猫の湯~きみと離れていなければ~
鳳凰はその光景をふふっと笑いながらわたしにつけ足してきた。
「それは貴女の望みをなんでも叶えてくれます。億万長者でも不老不死でも世界征服でも、死者を生き返らせることも…」
そんな怖い、というかすごい物をわたしになんかあげてもいいの?
でも、はっきりいってどれも興味がないし。
「そして、好きな人の心を振り向かせることもできるのです」
一瞬、陽向の笑顔が脳裏をかすめたけれど。
でもそんな力で振り向かせたところで虚しくなるだけのような気がするし、相手を尊重していないような気になる。
「あの、…おたずねしてもいいですか?」
わたしの質問に鳳凰はゆっくりとうなずいた。
「陽向は、…逢坂 陽向は何を願ったのですか? どうしてわたしに凰玉をくれたのかをご存知ですか? 」
「願ったものが凰玉に現れていますよ。
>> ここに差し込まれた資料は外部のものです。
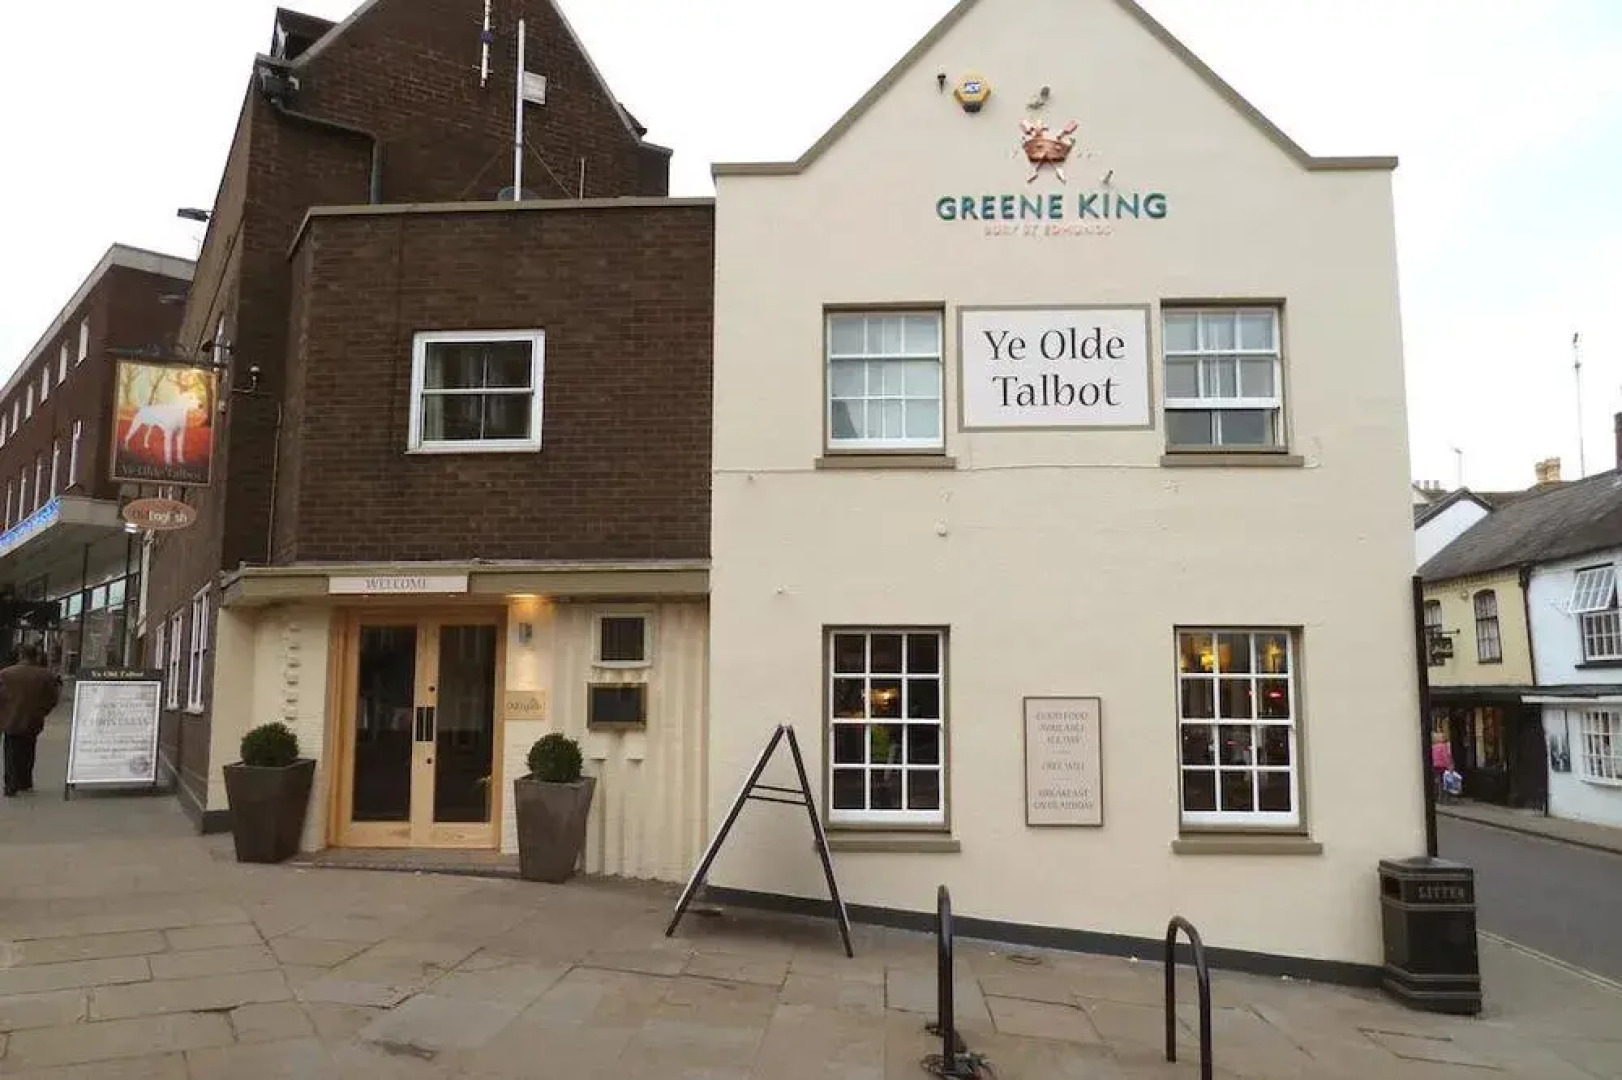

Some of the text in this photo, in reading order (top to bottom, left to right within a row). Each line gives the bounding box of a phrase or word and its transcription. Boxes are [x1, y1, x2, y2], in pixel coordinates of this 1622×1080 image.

[936, 192, 1167, 220] GREENE KING
[983, 327, 1125, 361] Ye Olde
[992, 374, 1122, 407] Talbot
[365, 578, 426, 590] WELCOME
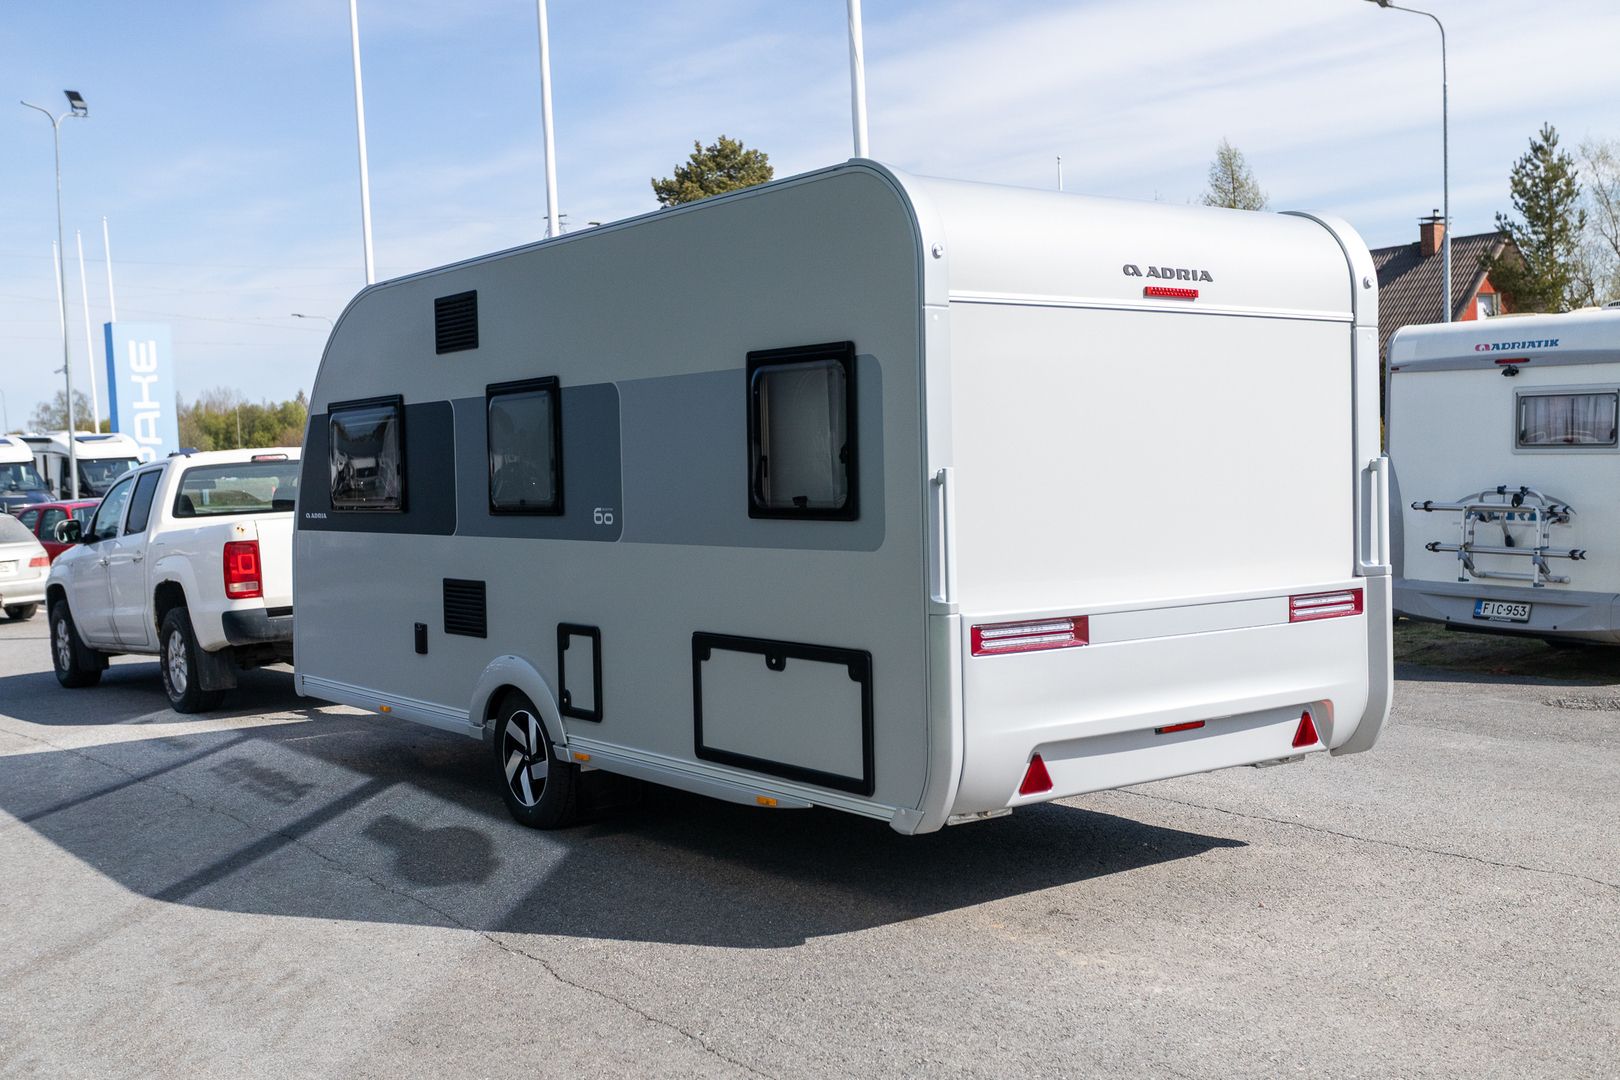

…陽向の福寿草はしぼむことも枯れることもなく見事に咲き続けていますね」
陽向の凰玉に咲いている花は福寿草
『雪解けの春を告げ、大切な人のしあわせを思う花』
それが陽向の願い
だって、あの頃のちび陽向なら『毎日ハンバーグが食べたい』とか『海賊シャークの船長になる』って願いそうなのに。
『鈴がいっぱいわらっていますように』
わたしのしあわせを願ってくれていた。
そして今もずっと福寿草は咲いている。